More than 400 migrants saved from the Mediterranean were headed for the Sicilian port of Pozzallo on Friday aboard a rescue vessel belonging to the Doctors without Borders medical charity.
Earlier this week, Pozzallo's mayor Luigi Ammatuna attacked Italy's prime minister Matteo Renzi, saying the city had been left to handle the migrant arrivals unaided.
"We have been left alone by the state to tackle the migrant emergency," Ammatuna said.
Also on Friday, Libyan coastguard rescued 145 migrants from a rubber dinghy northeast of the city of Zuwara, Libyan navy spokesman Ayyub Qasem told Adnkronos International (AKI).

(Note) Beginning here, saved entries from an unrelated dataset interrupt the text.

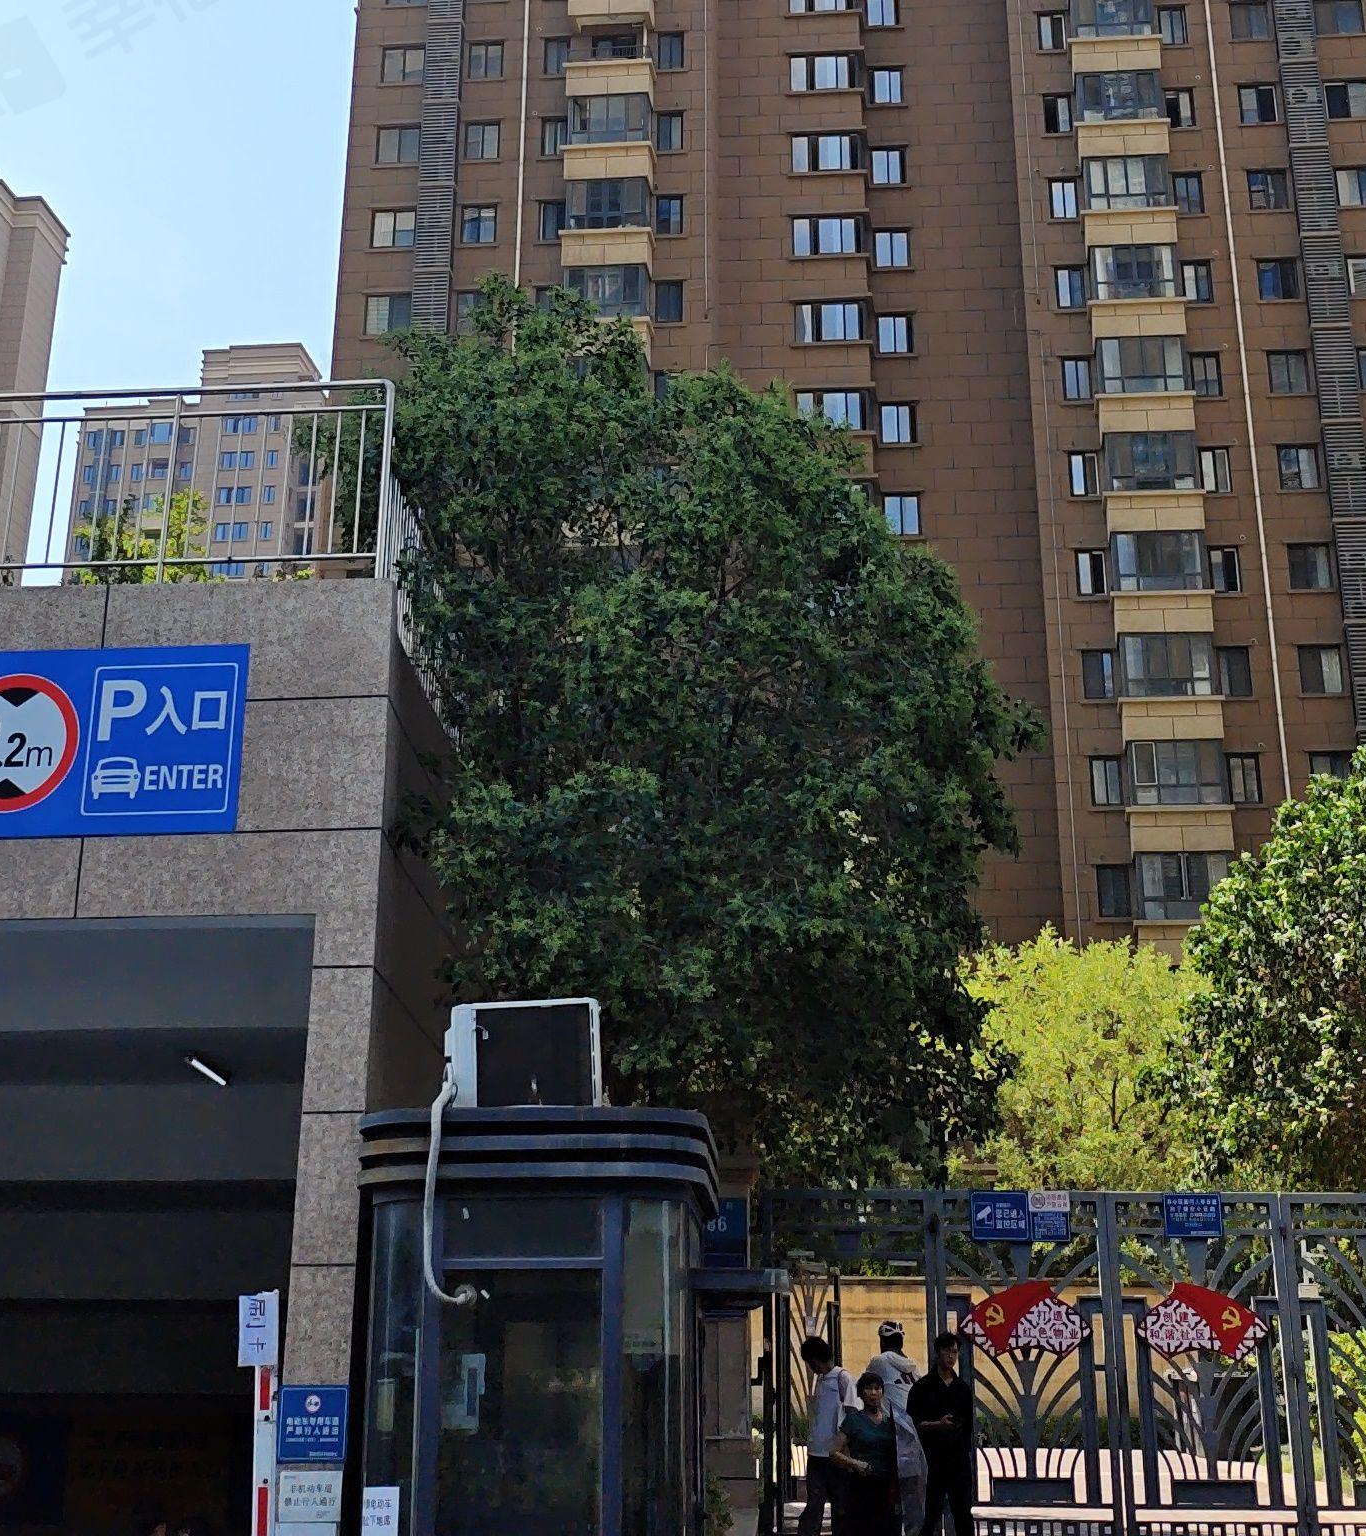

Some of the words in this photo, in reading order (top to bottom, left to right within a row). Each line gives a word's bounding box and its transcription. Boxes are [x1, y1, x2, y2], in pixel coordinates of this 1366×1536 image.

[143, 764, 223, 791] ENTER
[1023, 1327, 1079, 1340] 红色物业
[1150, 1328, 1205, 1341] 和谐社区
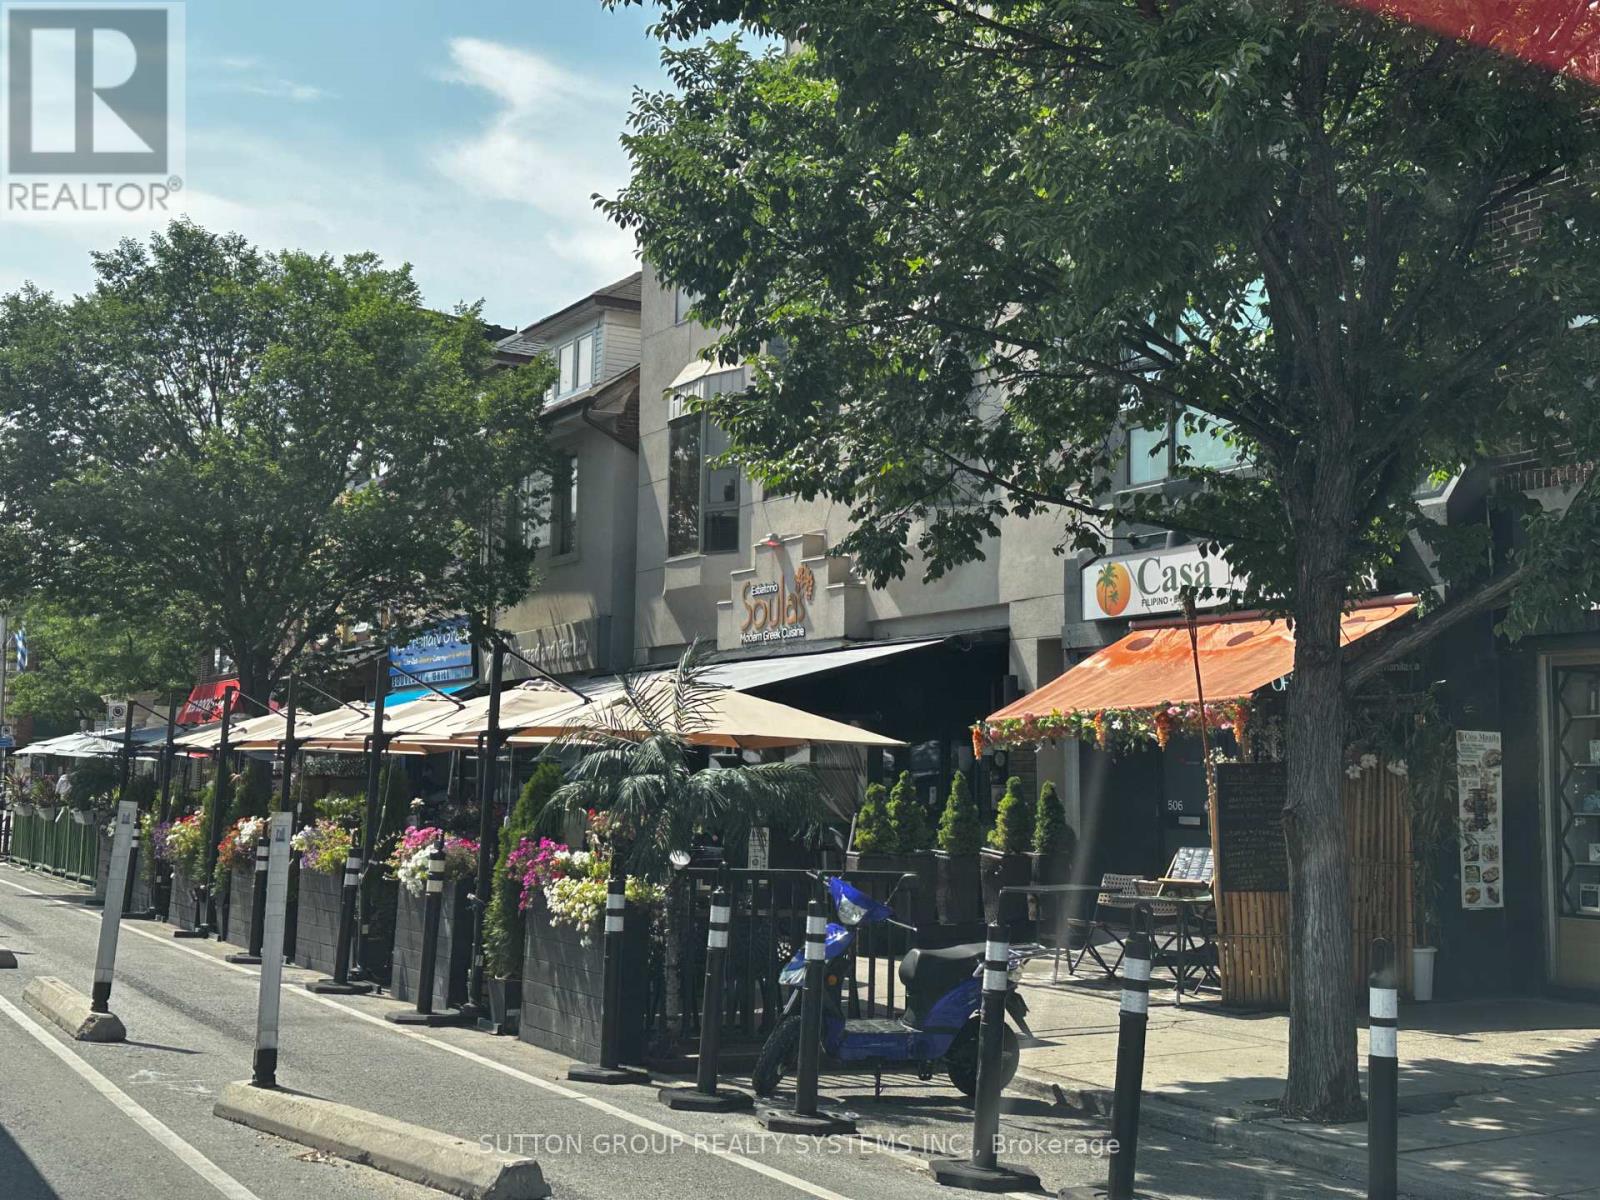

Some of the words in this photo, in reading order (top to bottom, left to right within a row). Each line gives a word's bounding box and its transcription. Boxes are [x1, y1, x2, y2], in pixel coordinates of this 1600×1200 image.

[1137, 557, 1211, 595] Casa
[1141, 596, 1169, 607] FILIPINO
[740, 632, 763, 643] Modern
[763, 628, 781, 640] Greek
[782, 626, 805, 639] Cuisine
[1167, 800, 1183, 811] 506
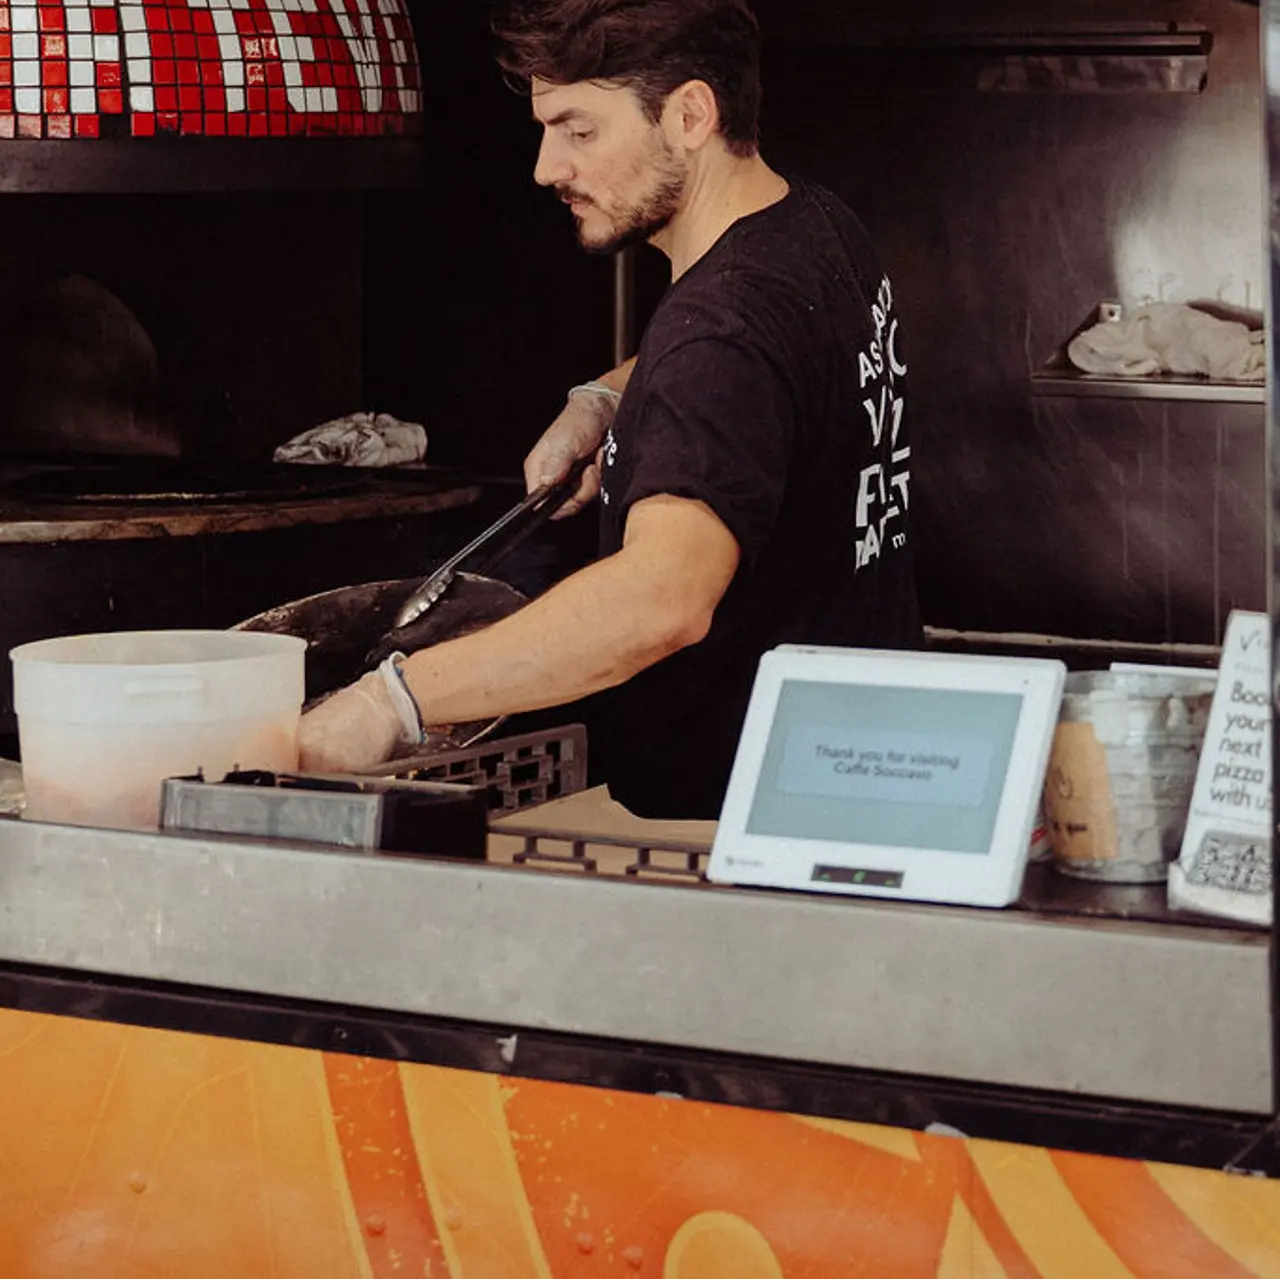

The migrants were taken to Zuwara after a fishing boat alerted coastguard to the rubber dinghy, whose engine had broken down, he said.
"The migrants are from various African and Arab countries, 26 are Moroccan and four of them are women," Qasem told AKI.
"They are all in good health," he added.
An estimated 250,000 migrants and refugees have entered Europe by sea this year - only slightly more than in the same period of 2015 - most arriving in Italy and Greece, the International Organisation for Migration (IOM) said this week.
Over a million people reached Europe last year, escaping conflict and poverty in the Middle East, Africa and Asia according to IOM and the United Nations.